The blindfold is removed and I am lowered to my knees, arms still held taut above my head. My smile cannot be contained by walls. His hands are in my hair now, pulling my chin upward. He pushes his hard cock deep into my mouth. The camera is inches from my face. I close my eyes and enjoy the moments, the precious moments, the mingling of our genetic spiral, the way we fit together, front to back, back to front, top to bottom.

It is that pre-dawn time when I wake up and know his cock is hard while he sleeps. I know that if I roll over and touch it, it will be hot and ready. And when I kiss it, it will jump up at my lips. At this hour, after I kiss him awake and slide on top of him, grinding my cunt into him, using him mercilessly for my own satisfaction, sucking his balls dry with my lips, we simply fold back into that origami shape and go back to sleep. It is morning and this cock is mine and I could care less who is watching. Because I will fuck this man anywhere.

There are 600 photographs. Later, I'll sit on his lap back home and we'll drink wine and go through them one by one. Our own little erotic show.

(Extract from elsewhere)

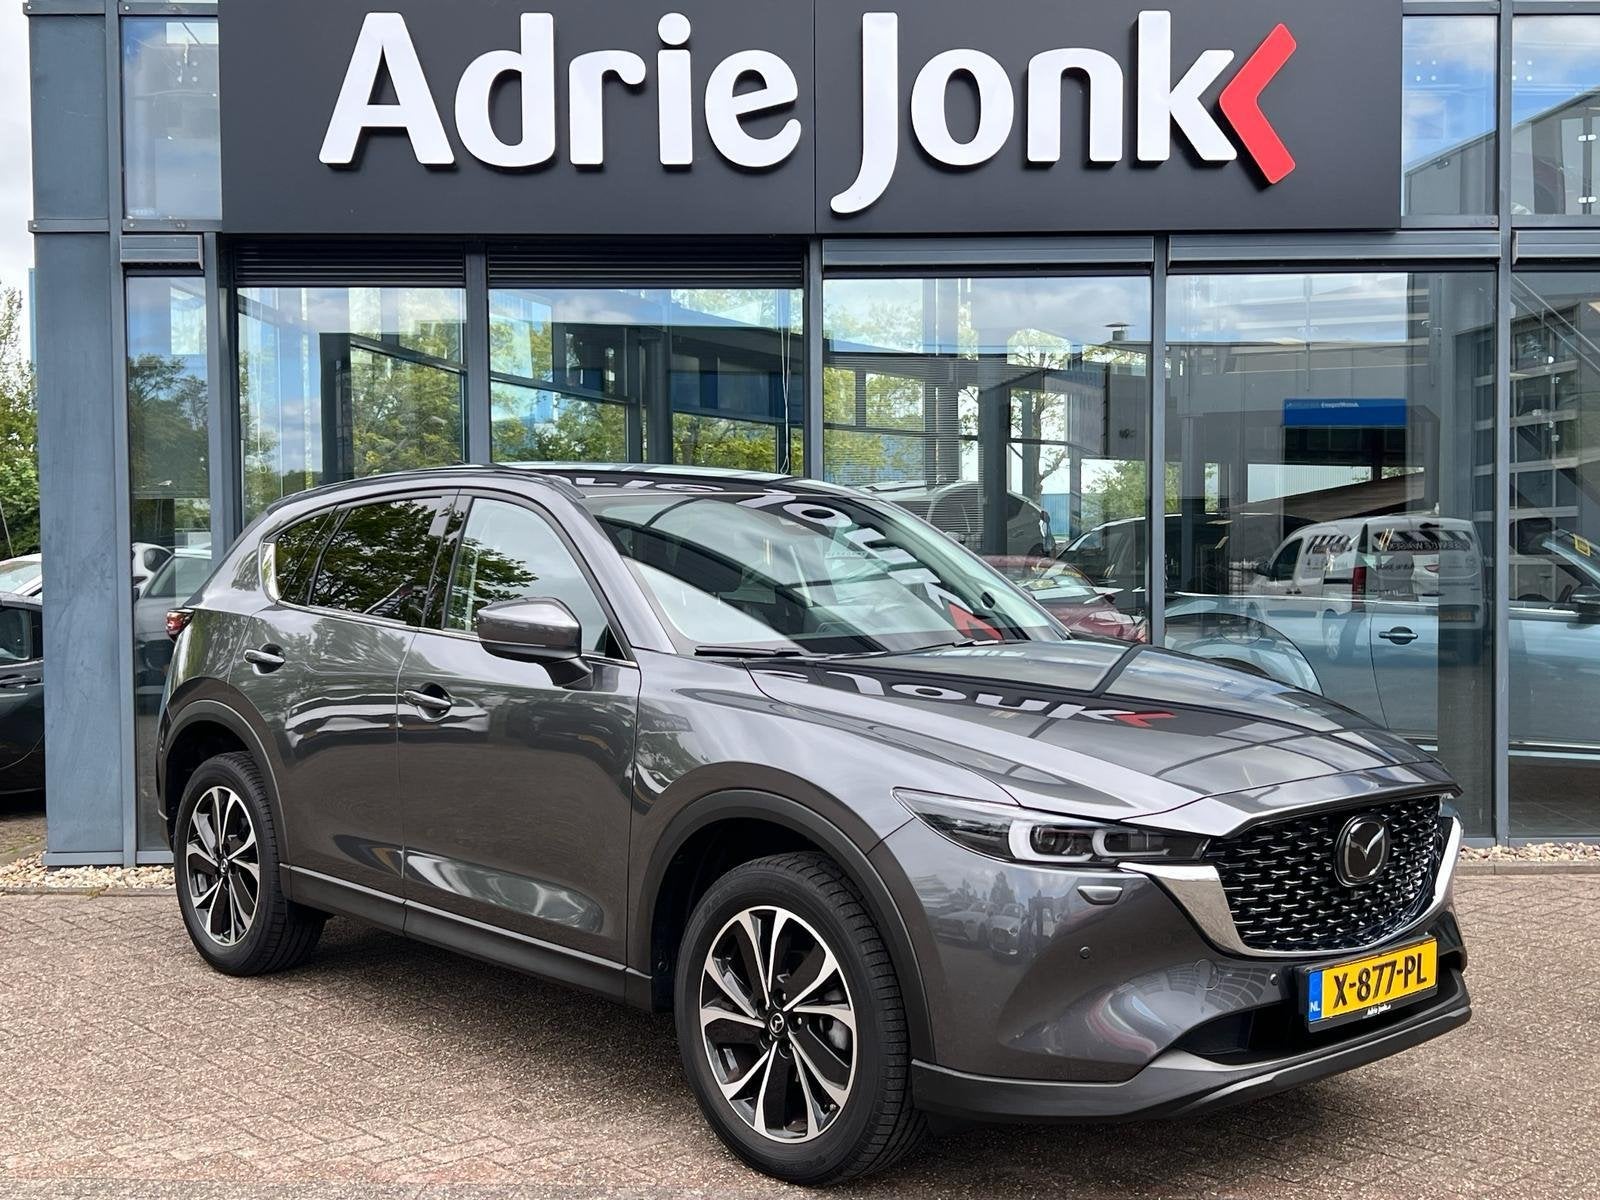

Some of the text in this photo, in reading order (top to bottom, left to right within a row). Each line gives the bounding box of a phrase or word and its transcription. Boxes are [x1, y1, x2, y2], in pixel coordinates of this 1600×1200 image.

But right now, as we sip whiskey and chat with the photographer, put the cuffs, rope, and whip back into the duffel bag, there is one thing I have to know.

"What was that thing you used -- the sharp thing?"

The photographer holds up a tiny, shiny tool and spins the head. "Wartenberg pinwheel."

Truck wheels kick up clouds of alkaline dust as we speed across the desert. He slows and clicks on the cruise control. I pop my head up through the sunroof and climb onto the top of the truck. There is nothing but empty playa stretched before us. Playa, pussy and cock. He leaves the driver's seat and finds my hot, wet crotch with his lips. My head is back, the wheels making no sound as we crawl slowly across the ancient lakem bed. Dust devils whirl and spin in the distance. The wind whips my screams away.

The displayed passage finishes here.